*** Listed entries ***

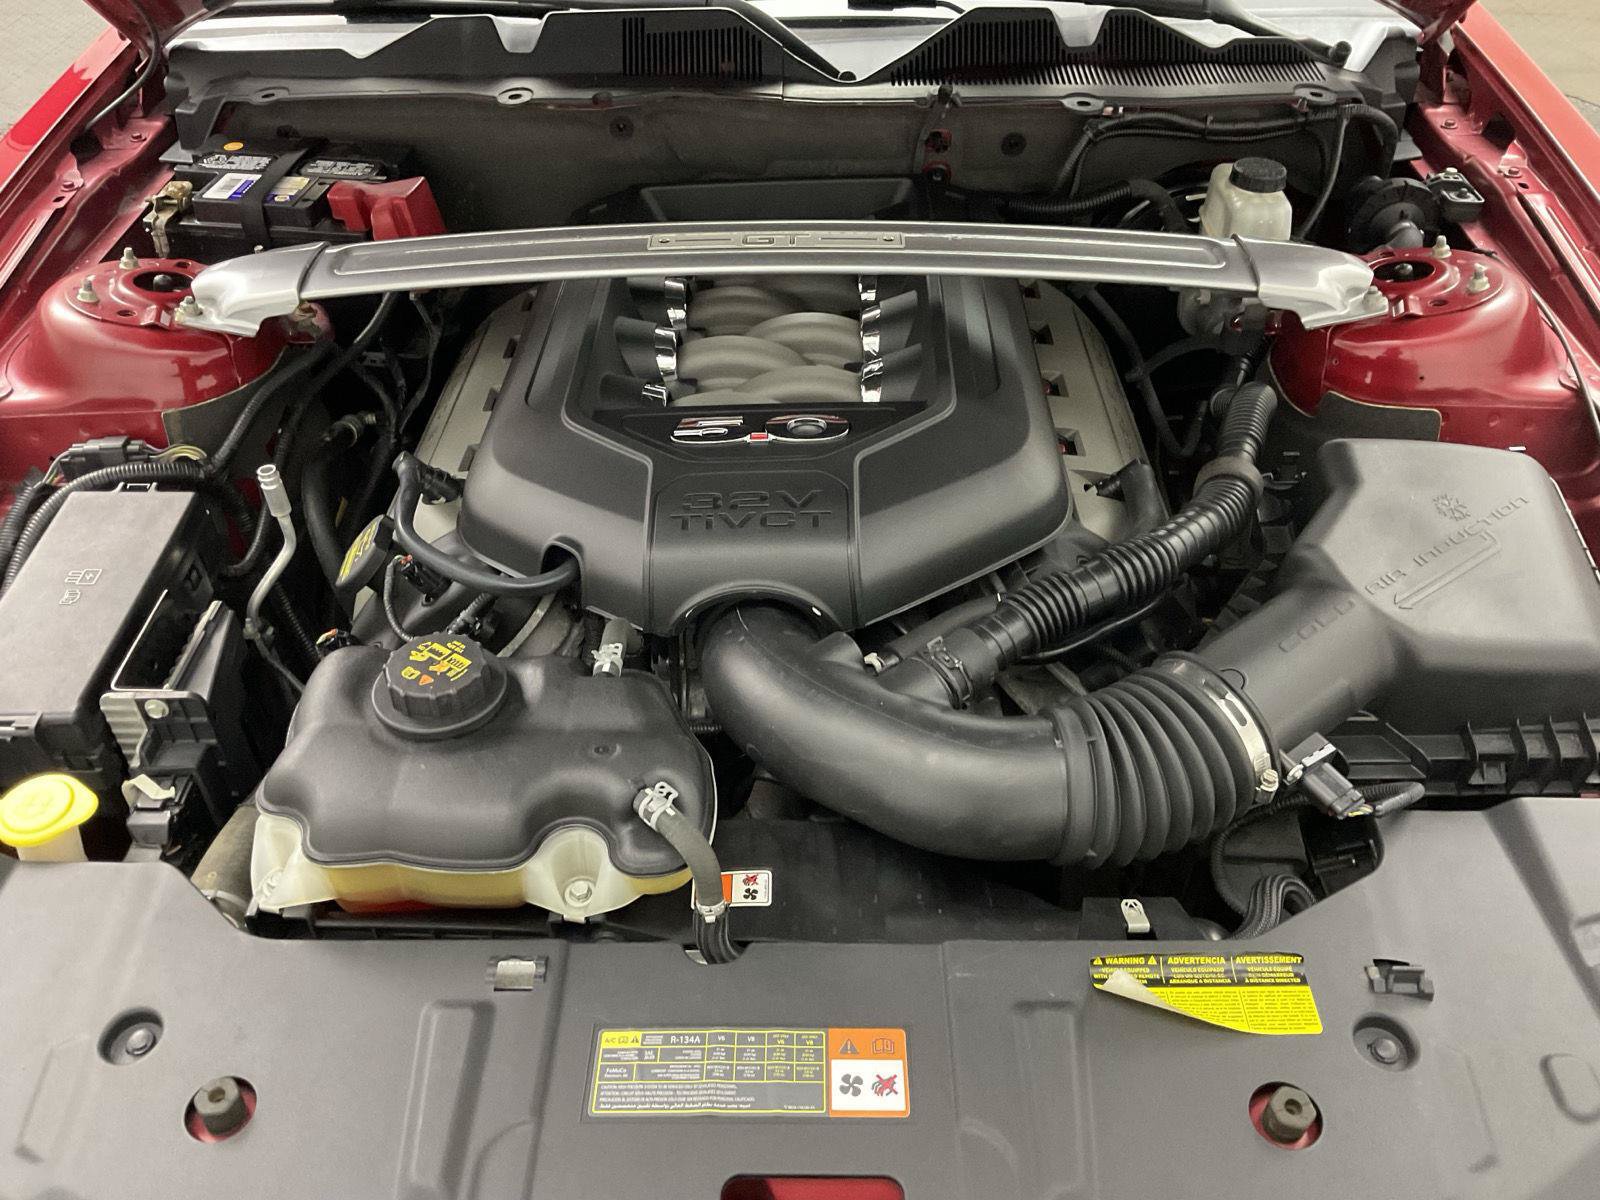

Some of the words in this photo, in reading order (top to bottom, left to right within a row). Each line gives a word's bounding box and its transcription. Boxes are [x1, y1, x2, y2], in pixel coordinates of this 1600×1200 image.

[742, 232, 812, 248] GT
[670, 413, 851, 445] 5.0
[682, 489, 824, 510] 32V
[1277, 597, 1357, 654] COLD
[1363, 568, 1408, 596] AIR
[1105, 957, 1145, 965] WARNING
[1167, 956, 1226, 965] ADVERTENCIA
[1235, 956, 1303, 964] AVERTISSEMENT
[670, 1035, 700, 1044] R-134A

*** End of Listed entries ***

• _What you need to do_
Give all the lines above again, character for character, without pictures.

• _Your solution_
Some of the words in this photo, in reading order (top to bottom, left to right within a row). Each line gives a word's bounding box and its transcription. Boxes are [x1, y1, x2, y2], in pixel coordinates of this 1600×1200 image.

[742, 232, 812, 248] GT
[670, 413, 851, 445] 5.0
[682, 489, 824, 510] 32V
[1277, 597, 1357, 654] COLD
[1363, 568, 1408, 596] AIR
[1105, 957, 1145, 965] WARNING
[1167, 956, 1226, 965] ADVERTENCIA
[1235, 956, 1303, 964] AVERTISSEMENT
[670, 1035, 700, 1044] R-134A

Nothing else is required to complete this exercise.